● What is being asked
Your copy should match the records exactly, apart from the pictures, which stay out.

· · · · ·

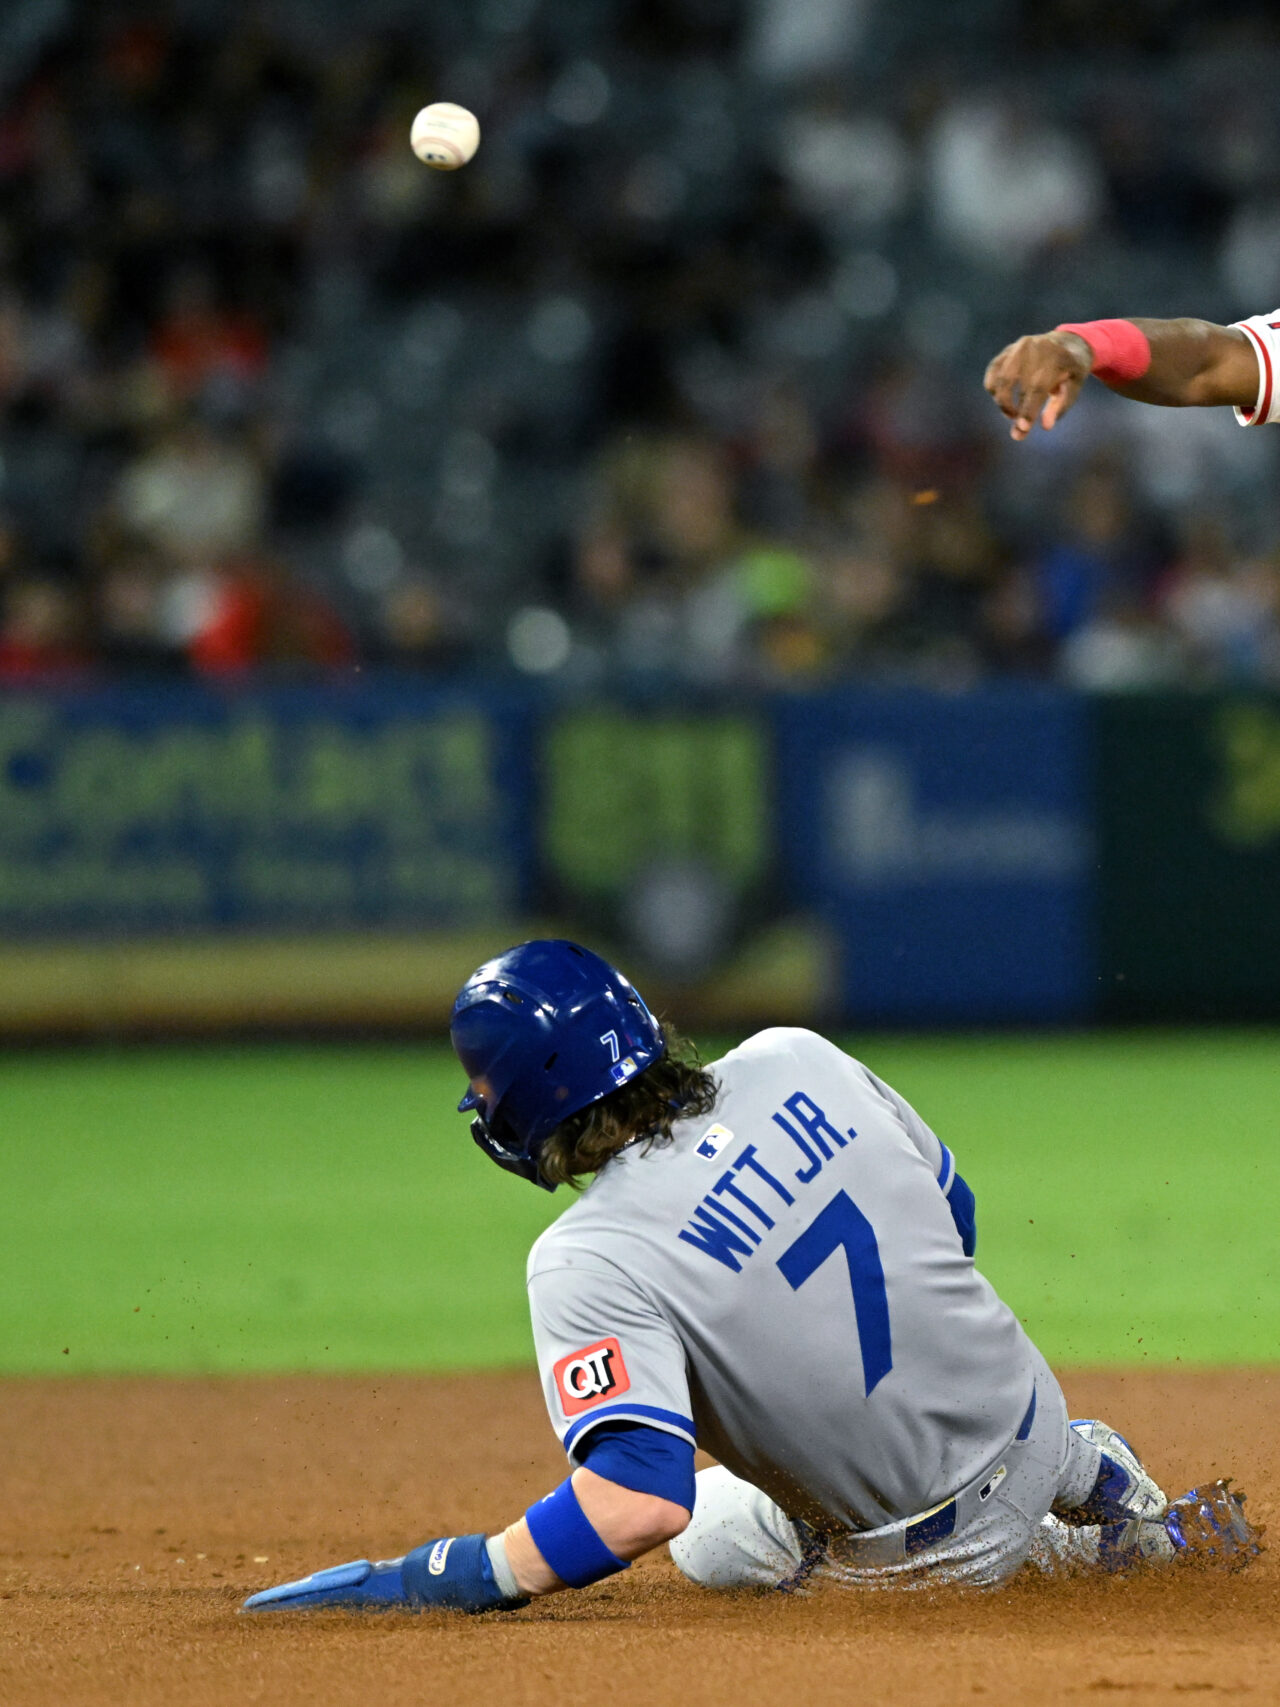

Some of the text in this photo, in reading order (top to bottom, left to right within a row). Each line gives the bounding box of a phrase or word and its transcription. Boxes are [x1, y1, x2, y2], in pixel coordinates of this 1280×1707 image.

[600, 1029, 620, 1063] 7
[677, 1091, 858, 1274] WITT JR.
[775, 1188, 893, 1399] 7
[562, 1347, 616, 1400] QT
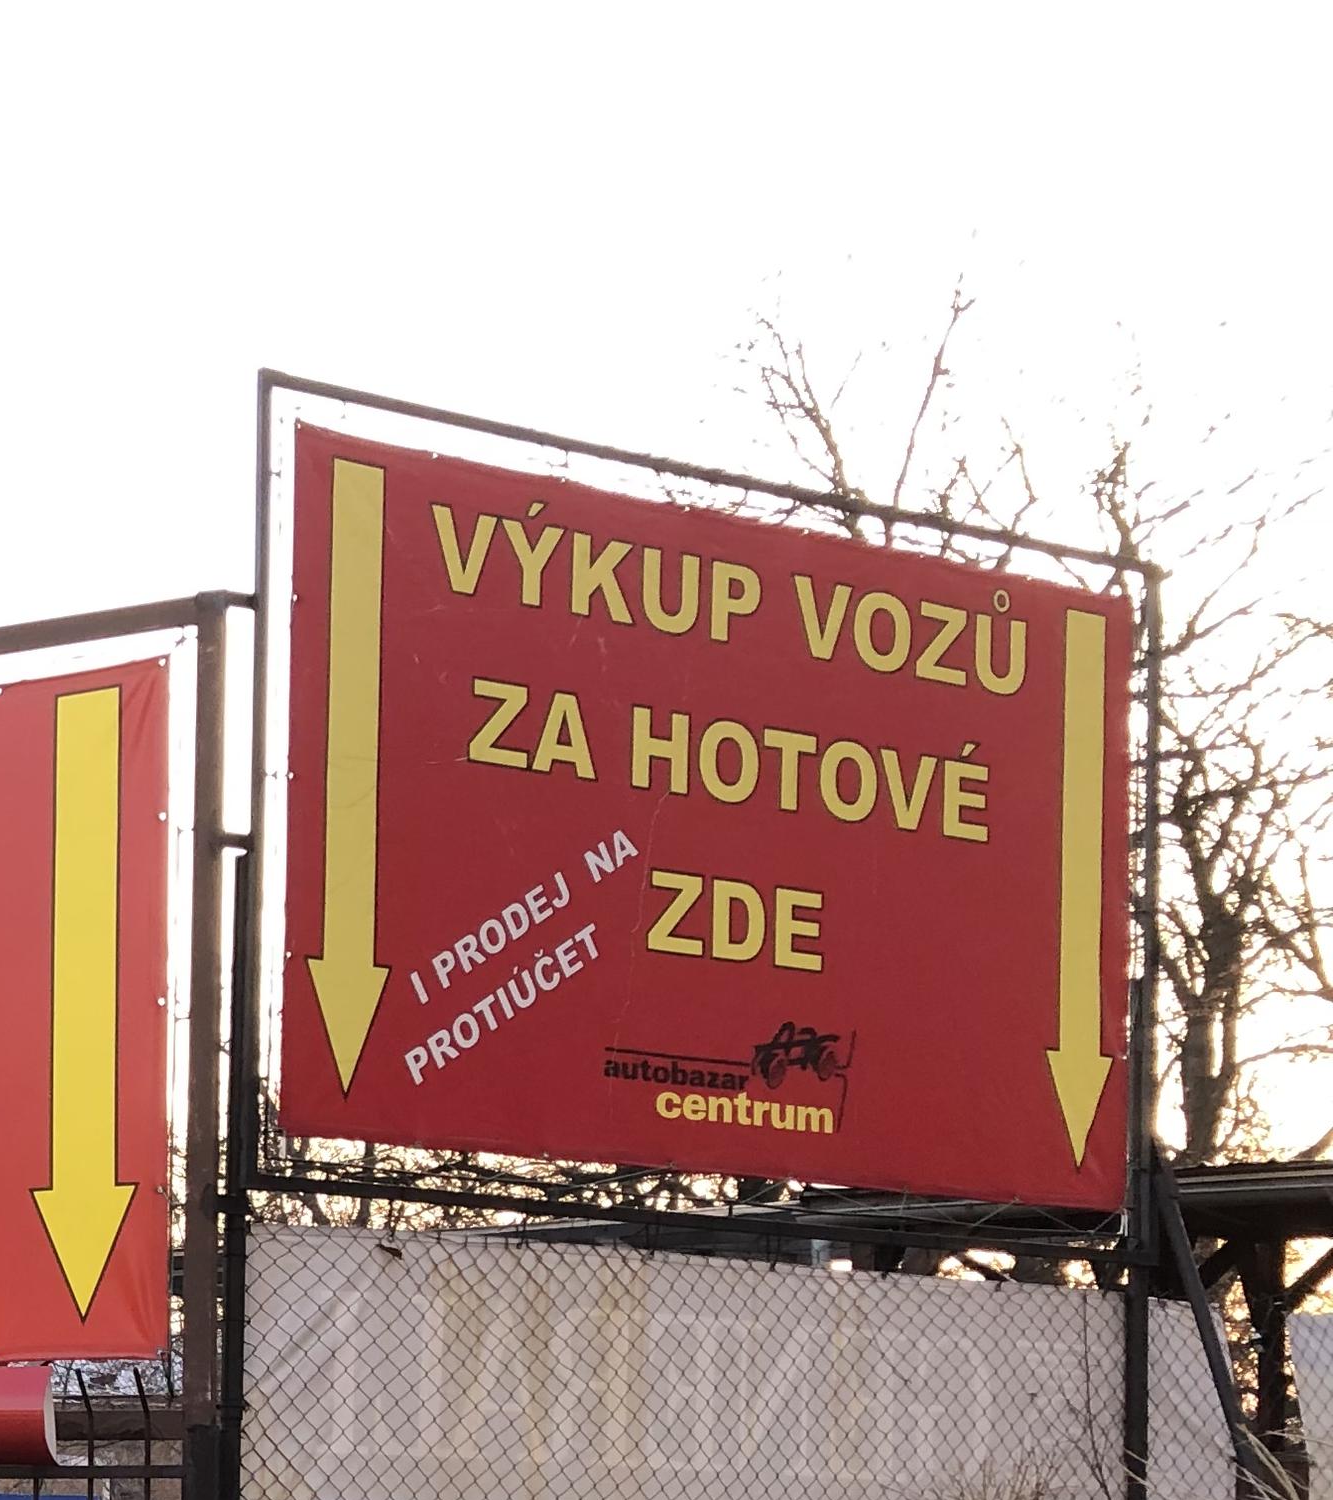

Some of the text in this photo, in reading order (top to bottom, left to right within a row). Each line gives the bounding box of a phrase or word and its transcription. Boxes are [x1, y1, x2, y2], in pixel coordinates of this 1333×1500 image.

[433, 506, 1026, 694] VÝKUP VOZŮ
[470, 680, 988, 841] ZA HOTOVÉ
[411, 831, 638, 1004] I PRODEJ NA
[648, 871, 821, 970] ZDE
[405, 926, 598, 1084] PROTIÚČET
[604, 1060, 748, 1090] autobazar
[656, 1092, 833, 1133] centrum
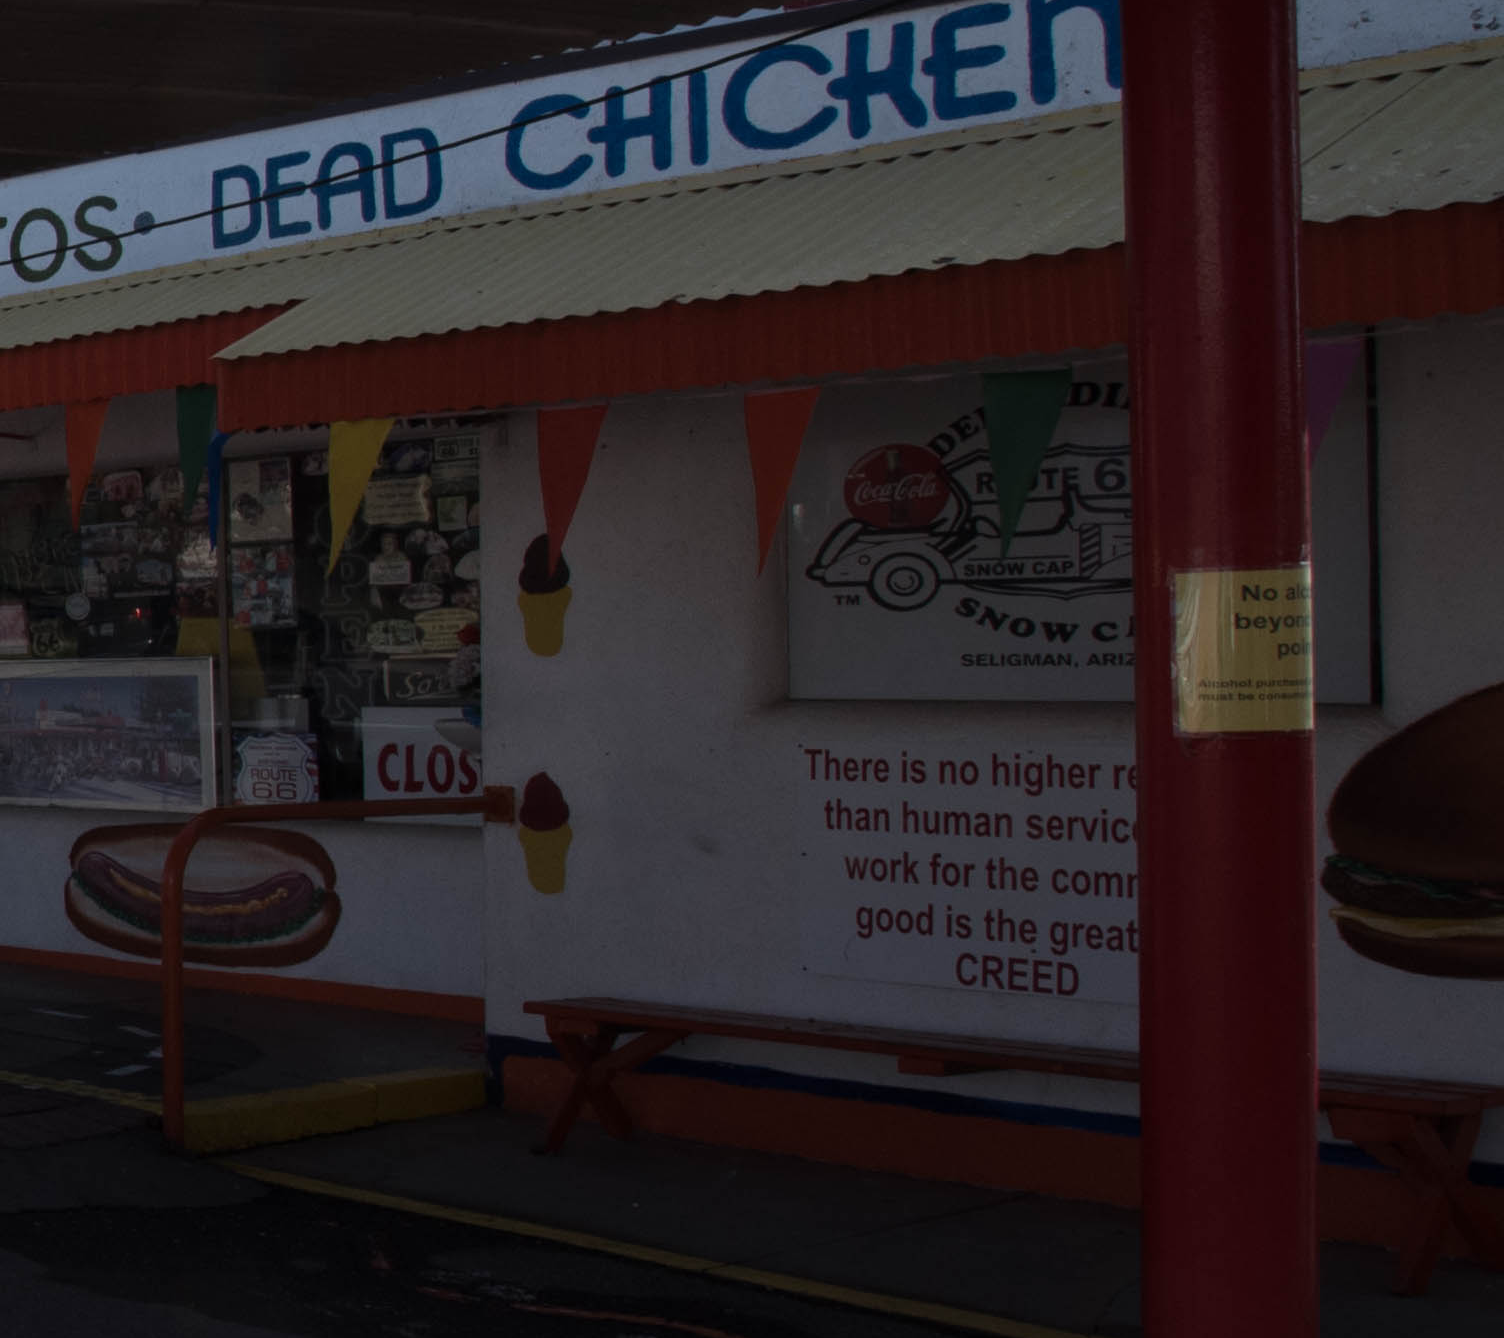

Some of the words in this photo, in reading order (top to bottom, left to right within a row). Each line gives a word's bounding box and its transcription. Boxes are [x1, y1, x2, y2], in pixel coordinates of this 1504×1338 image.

· · · · ·

● Written response
Some of the text in this photo, in reading order (top to bottom, left to right within a row). Each line gives the bounding box of a phrase or word and its transcription. Boxes are [x1, y1, x2, y2], in pixel coordinates of this 1280×1707 image.

[600, 1029, 620, 1063] 7
[677, 1091, 858, 1274] WITT JR.
[775, 1188, 893, 1399] 7
[562, 1347, 616, 1400] QT

Some of the text in this photo, in reading order (top to bottom, left to right within a row). Each line gives the bounding box of a phrase or word and its transcription. Boxes are [x1, y1, x2, y2], in pixel coordinates of this 1333×1500 image.

[433, 506, 1026, 694] VÝKUP VOZŮ
[470, 680, 988, 841] ZA HOTOVÉ
[411, 831, 638, 1004] I PRODEJ NA
[648, 871, 821, 970] ZDE
[405, 926, 598, 1084] PROTIÚČET
[604, 1060, 748, 1090] autobazar
[656, 1092, 833, 1133] centrum

Some of the words in this photo, in reading order (top to bottom, left to right within a row). Each line gives a word's bounding box and its transcription. Boxes are [x1, y1, x2, y2], in pixel coordinates of this 1504×1338 image.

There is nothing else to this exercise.